The following evolutionary tree from this survey paper captures the explosion in LLMs since 2021, and clearly shows 3 branches - encoder-only, decoder-only and encoder-decoder. So what are they?
Yann Lecun, Meta’s Chief AI Scientist referenced this tree and added some context on terminologies in this tweet.
Clearly, this is a hot mess, so let’s break it down. For a short explanation on what auto-regressive means, check out this glossary item.
At a high level, in the context of language models, an encoder turns a text sequence into a numeric representation. The decoder can retrieve human-readable task-specific outputs from the encoded representation.
Now, referencing the figure above, let’s
Encoder Only models like the BERT family comprises of an encoder that processes the variable-length input sequence, such as a sentence, and converts it into a fixed-length context vector. This context vector carries the semantic meaning of the input sequence, which can be used for various downstream tasks.
For example, in sentiment analysis, the encoder processes customer reviews and generates embeddings that capture the sentiment expressed in the text. These embeddings are then fed into a decoder classifier to determine whether the sentiment is positive, negative, or neutral. Since the outputs are not generated token by token, its not an auto-regressive decoder.

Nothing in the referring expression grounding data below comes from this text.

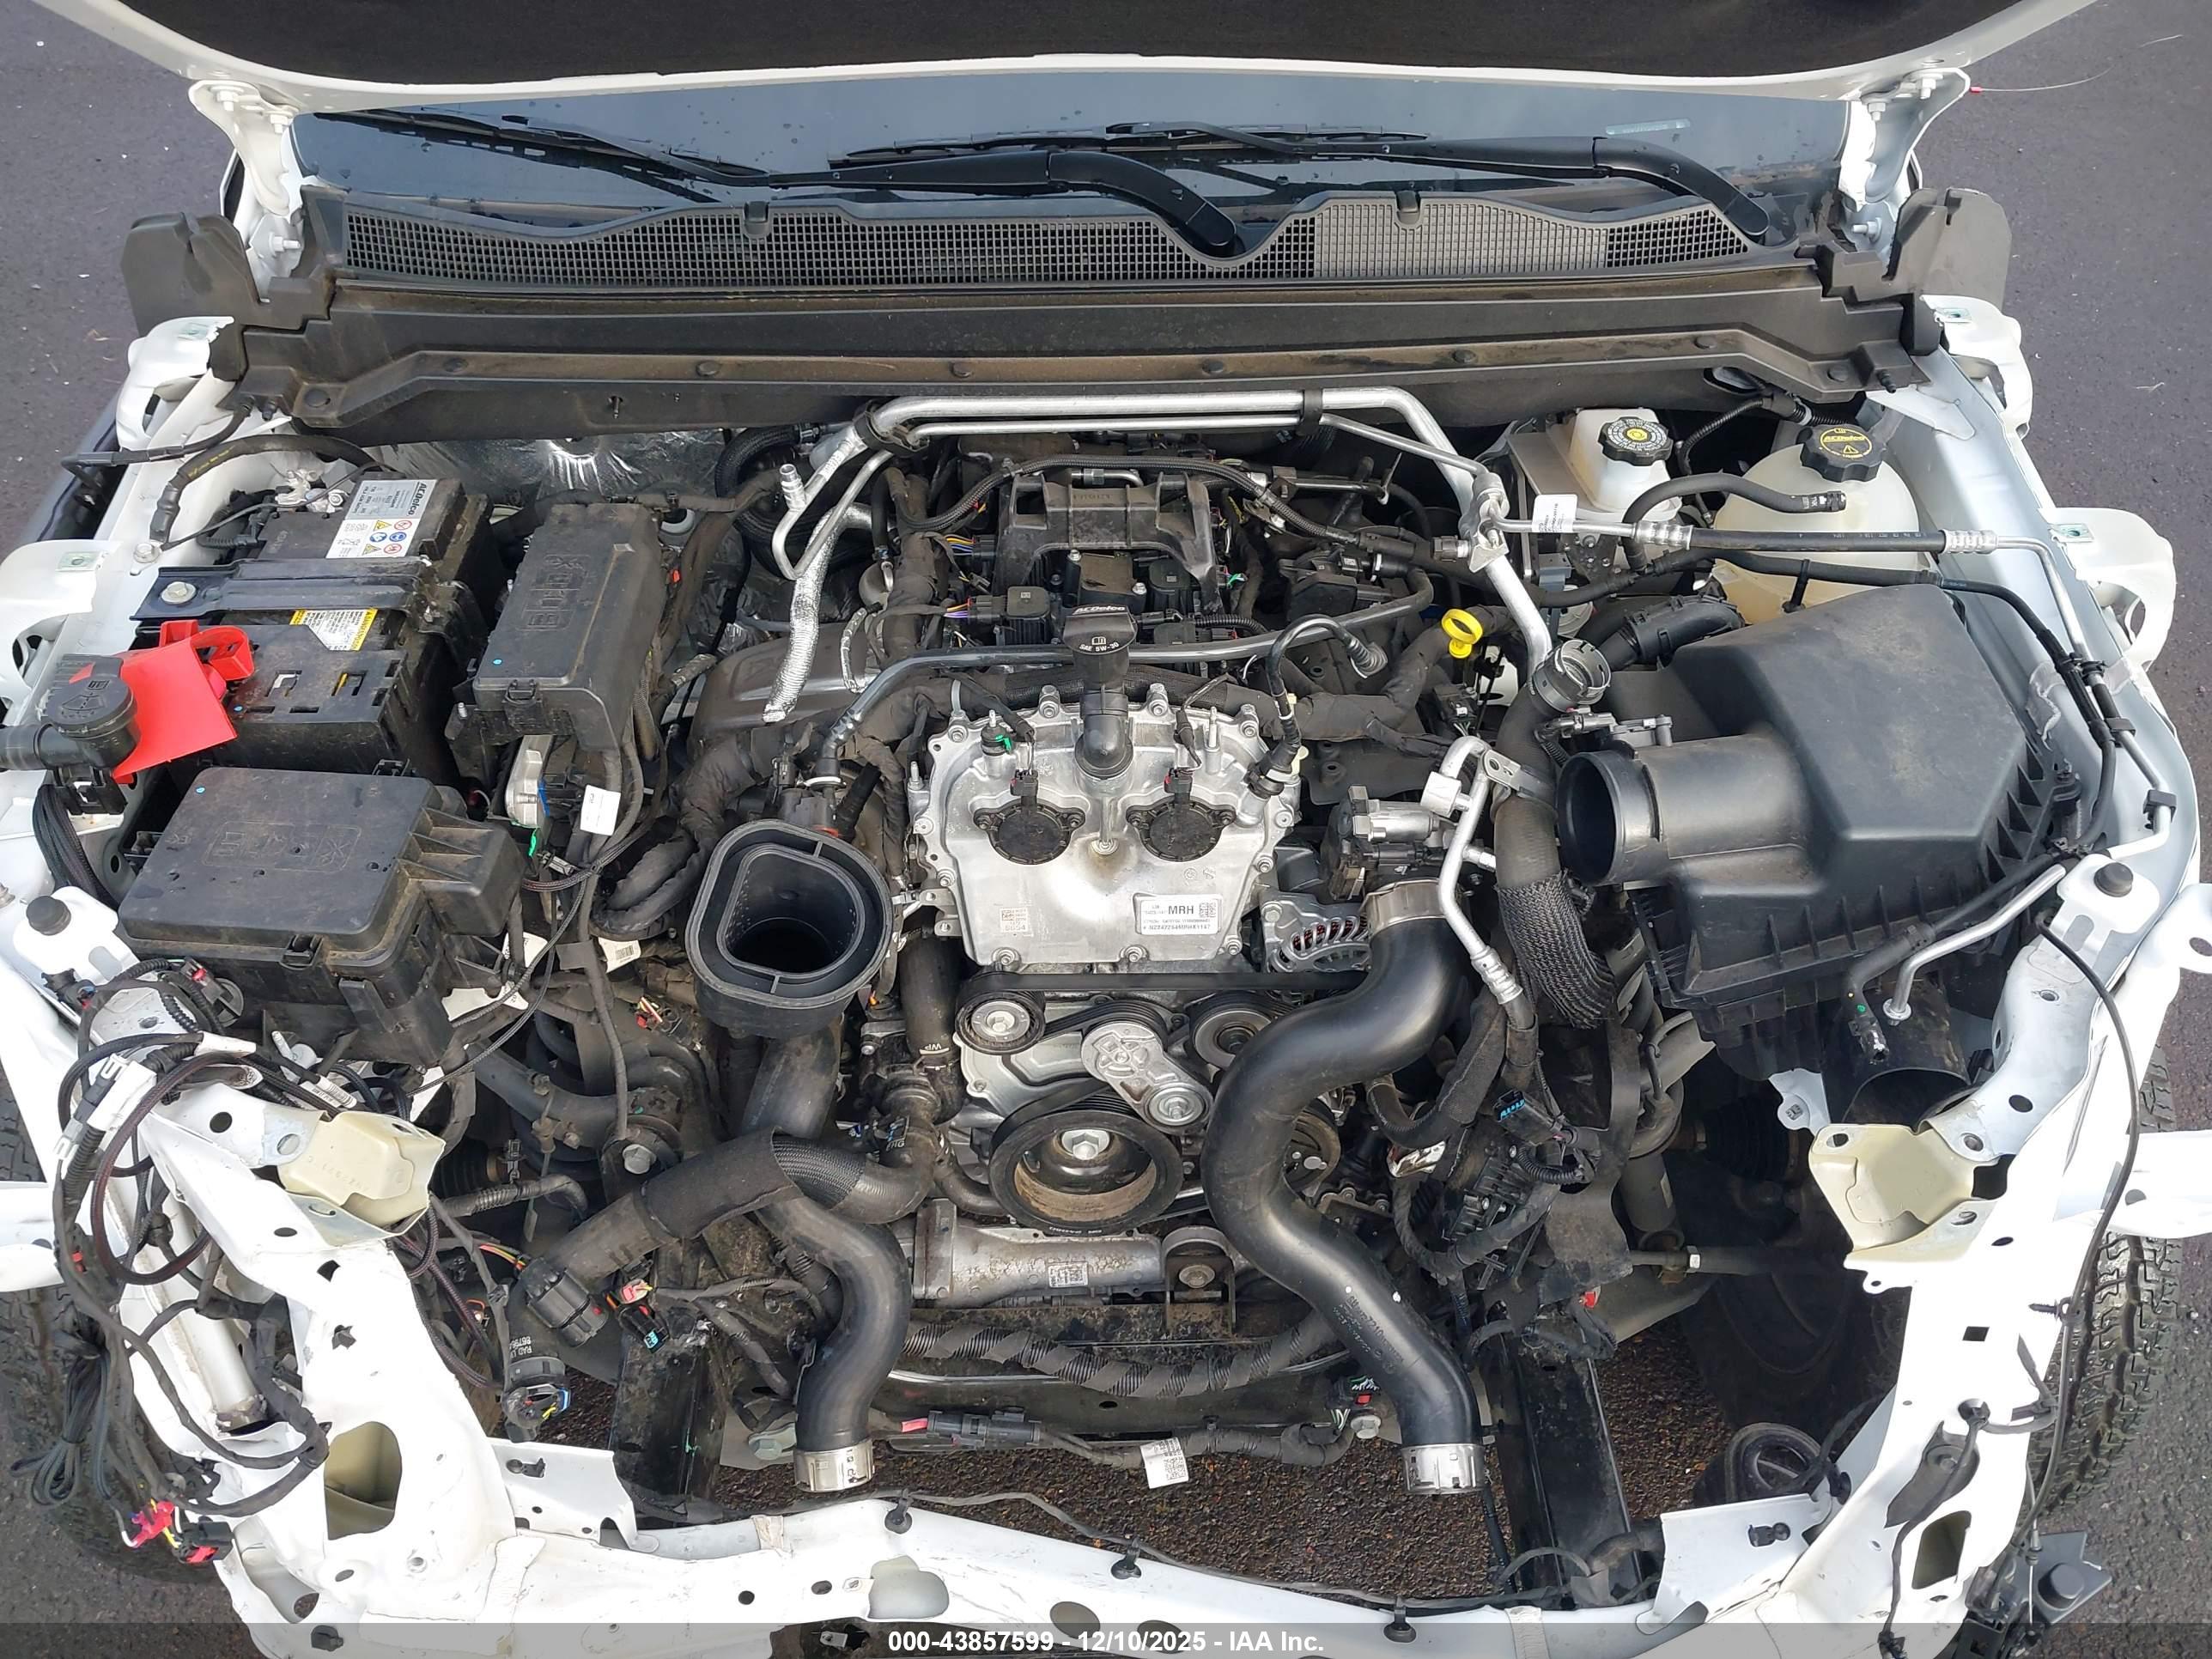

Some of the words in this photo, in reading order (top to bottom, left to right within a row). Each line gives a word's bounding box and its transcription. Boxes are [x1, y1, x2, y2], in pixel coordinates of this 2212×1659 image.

[407, 482, 428, 515] ACDelco
[1073, 605, 1126, 614] ACDelco
[1095, 641, 1120, 652] 5W-30
[1168, 905, 1194, 915] MRH
[518, 1345, 532, 1356] RAD

Encoder-Decoder: A setup where an input sequence is processed by an encoder to generate a context vector, and then this context vector is used as the initial state of a decoder, which generates the output sequence token by token in an auto-regressive manner. The decoder is responsible for predicting the next token in the sequence based on the previously generated tokens and the context vector.

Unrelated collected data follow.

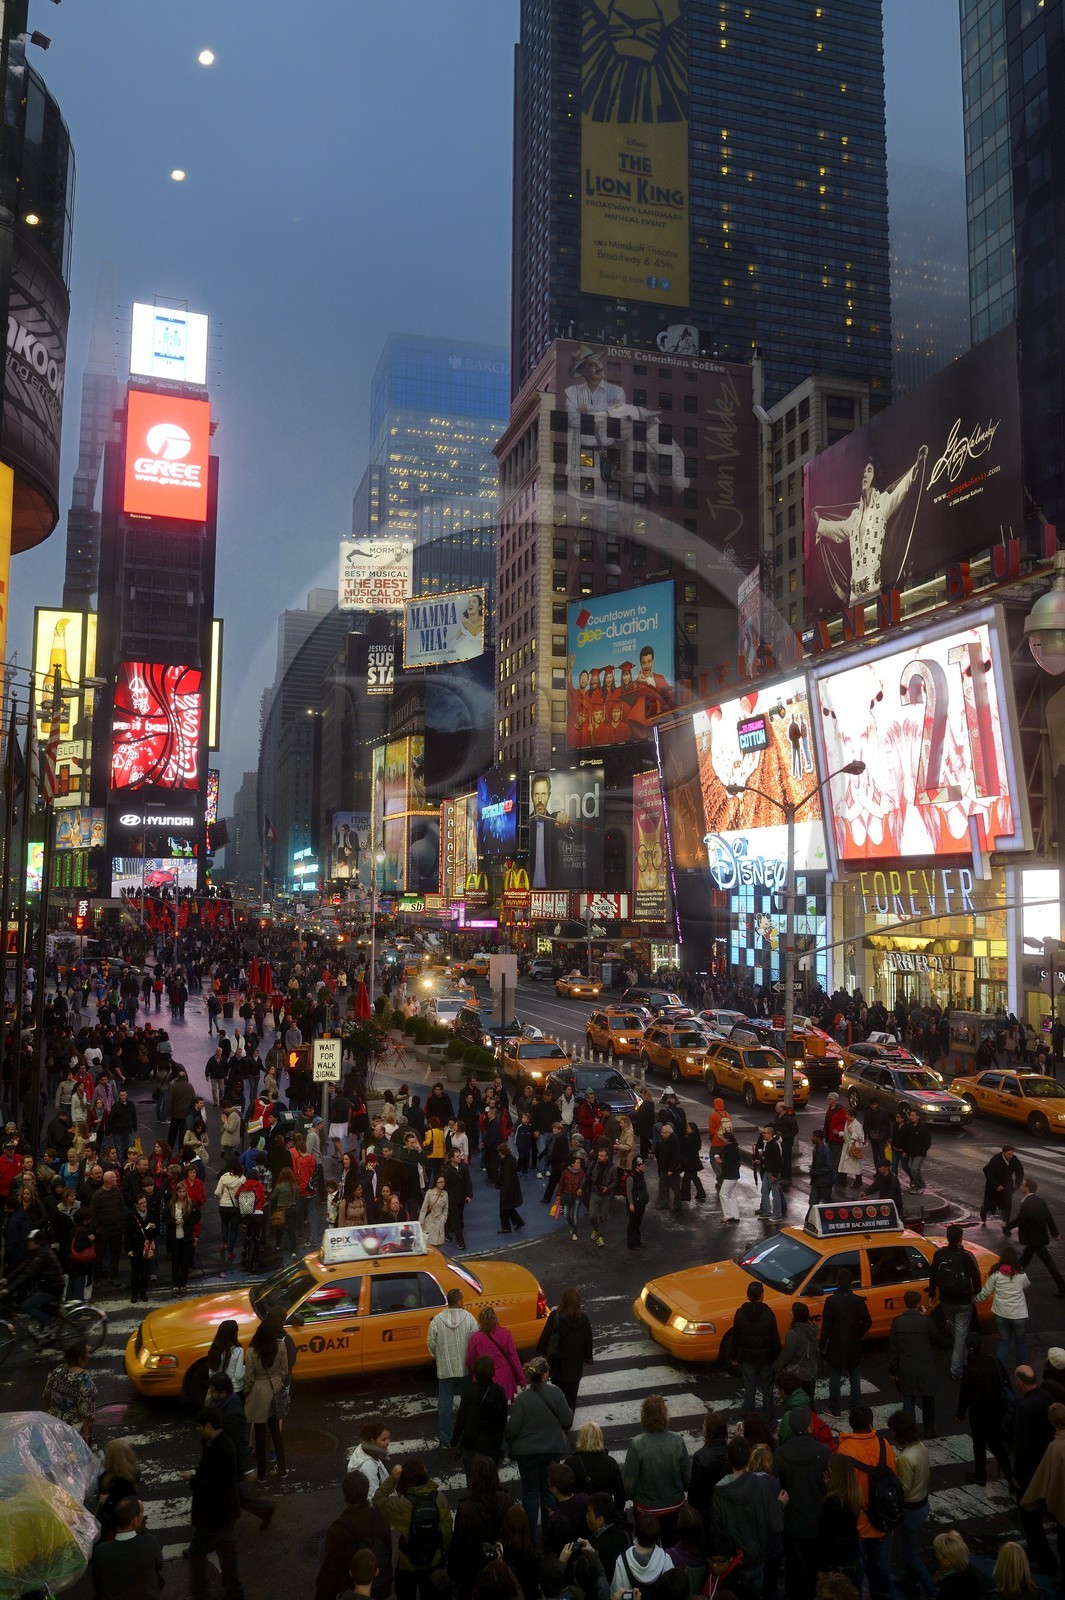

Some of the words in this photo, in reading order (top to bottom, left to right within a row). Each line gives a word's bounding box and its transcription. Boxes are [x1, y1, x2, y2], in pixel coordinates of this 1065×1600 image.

[619, 153, 652, 173] THE
[604, 213, 640, 224] MUSICAL
[641, 220, 666, 229] EVENT
[597, 249, 641, 266] Broadway
[644, 257, 651, 266] &
[654, 259, 674, 269] 45th
[647, 245, 679, 259] Theatre
[607, 347, 632, 358] 100%
[635, 352, 689, 368] Colombian
[691, 360, 726, 373] Coffee
[134, 458, 202, 480] GREE
[344, 589, 391, 597] MUSICAL
[393, 589, 408, 597] OF
[374, 579, 408, 588] BEST
[410, 602, 457, 631] MAMMA
[587, 608, 635, 626] Countdown
[637, 605, 647, 615] to
[420, 626, 447, 652] MIA!
[367, 653, 394, 667] SUP
[367, 666, 394, 685] STA
[900, 642, 1000, 806] 21
[740, 729, 766, 748] COTTON
[147, 816, 194, 827] HYUNDAI
[446, 806, 454, 875] PALACE
[860, 868, 978, 917] FOREVER
[884, 952, 931, 974] FOREVER
[933, 956, 944, 974] 21
[320, 1052, 334, 1060] FOR
[330, 1235, 351, 1245] epix
[309, 1335, 349, 1353] TAXI

Machine translation (like translating between languages) is a classic use case for the encoder-decoder architecture. Here, the encoder processes the input text in one language and generates a context vector that encapsulates its meaning. This context vector serves as the initial state for the decoder, which then generates the corresponding translation in the target language. Each token in the translation is generated based on the context vector and the tokens generated before it, capturing the linguistic nuances of the translation process.

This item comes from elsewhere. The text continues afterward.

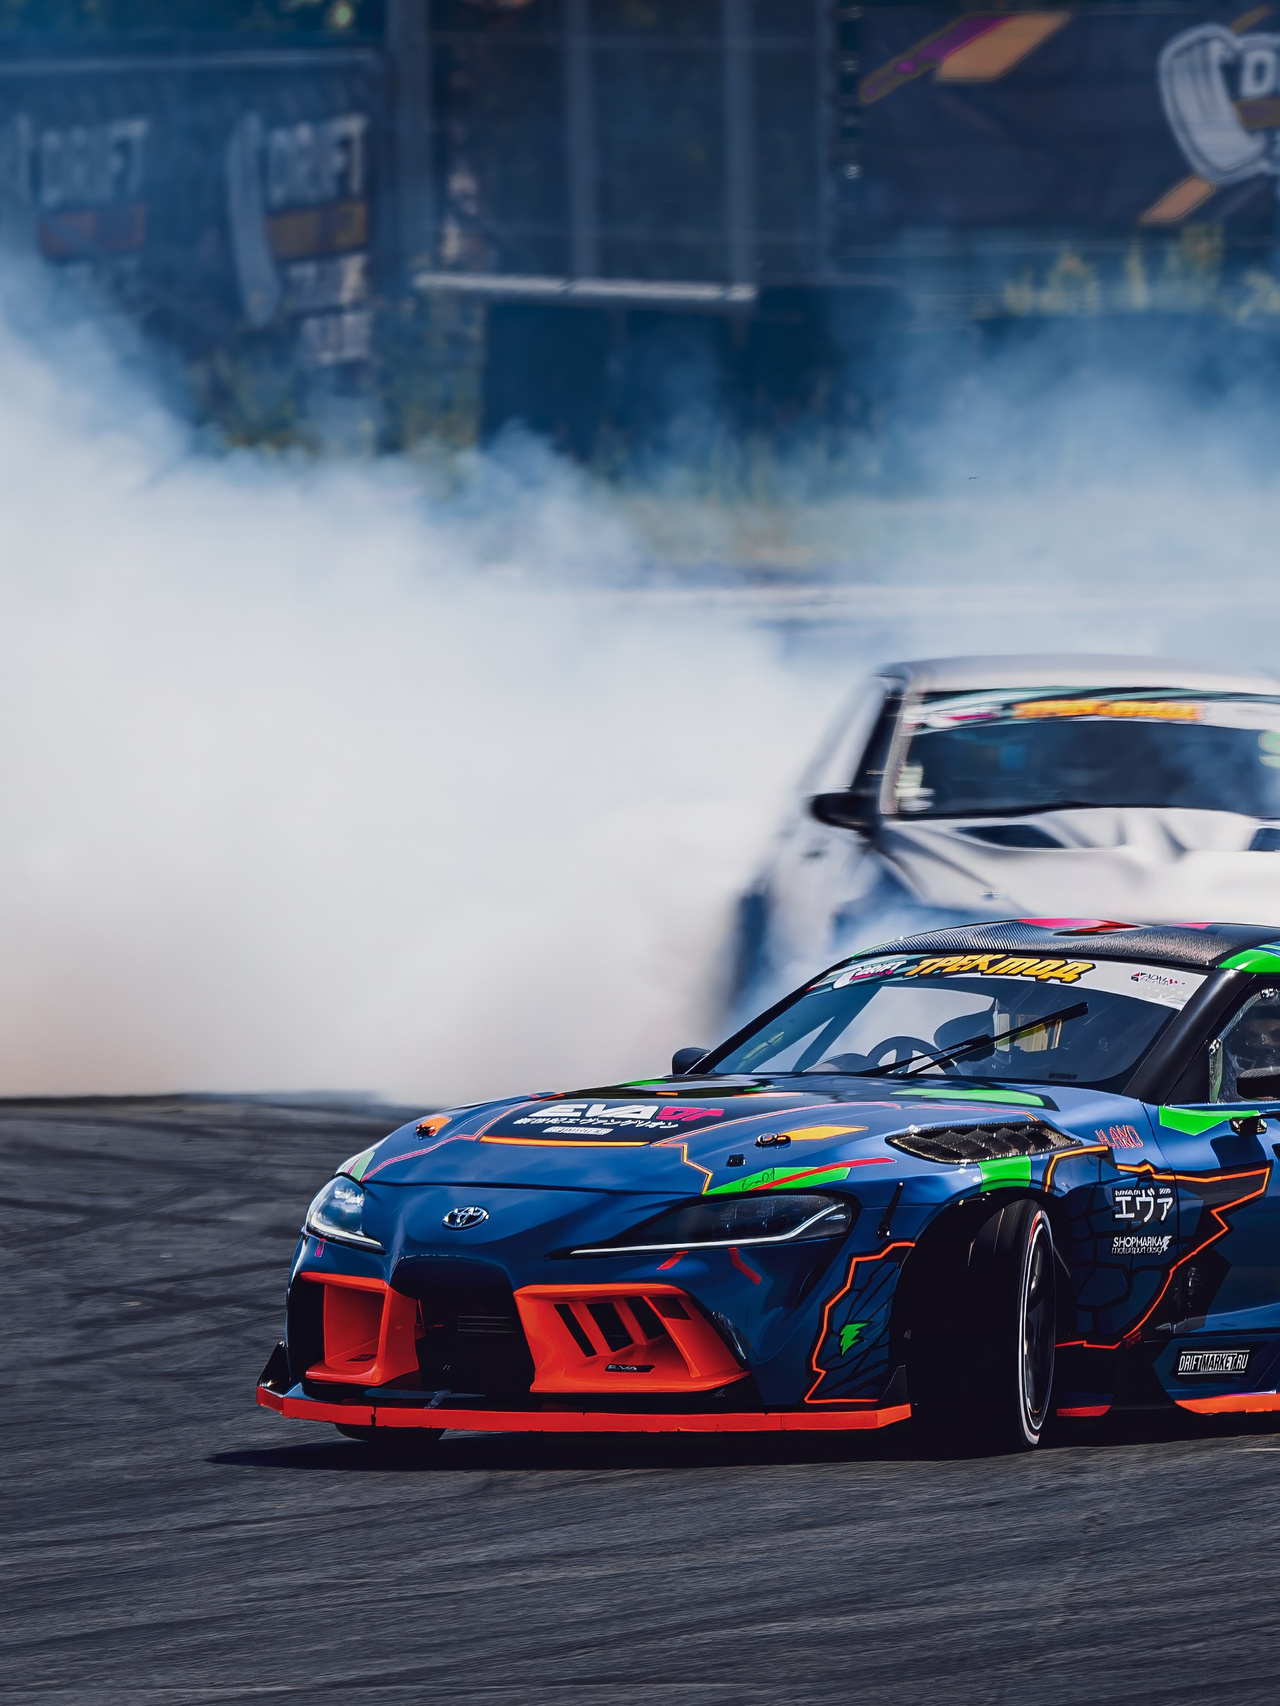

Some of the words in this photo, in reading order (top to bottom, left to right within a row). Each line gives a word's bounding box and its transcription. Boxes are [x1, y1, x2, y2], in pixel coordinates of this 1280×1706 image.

[1114, 1187, 1173, 1223] エヴァ
[1178, 1353, 1249, 1372] DRIFTMARKET.RU

Decoder Only: Clearly, these models are the largest branch in the evolutionary tree, and shown surprising effectiveness in a wide range of tasks including the ones mentioned above. Decoder-only models (like GPT2,3,4) still need to first encode the input sequence into embeddings that represent both the token ids as well as their position in the sequence, and ultimately produces an output sequence token by token in an auto-regressive manner.
For instance, in story generation, the model is provided with a prompt or a starting sentence. The decoder then generates the subsequent sentences one by one, considering both the evolving context of the story and the grammar and style of the language. This approach allows the model to produce imaginative and contextually relevant narratives.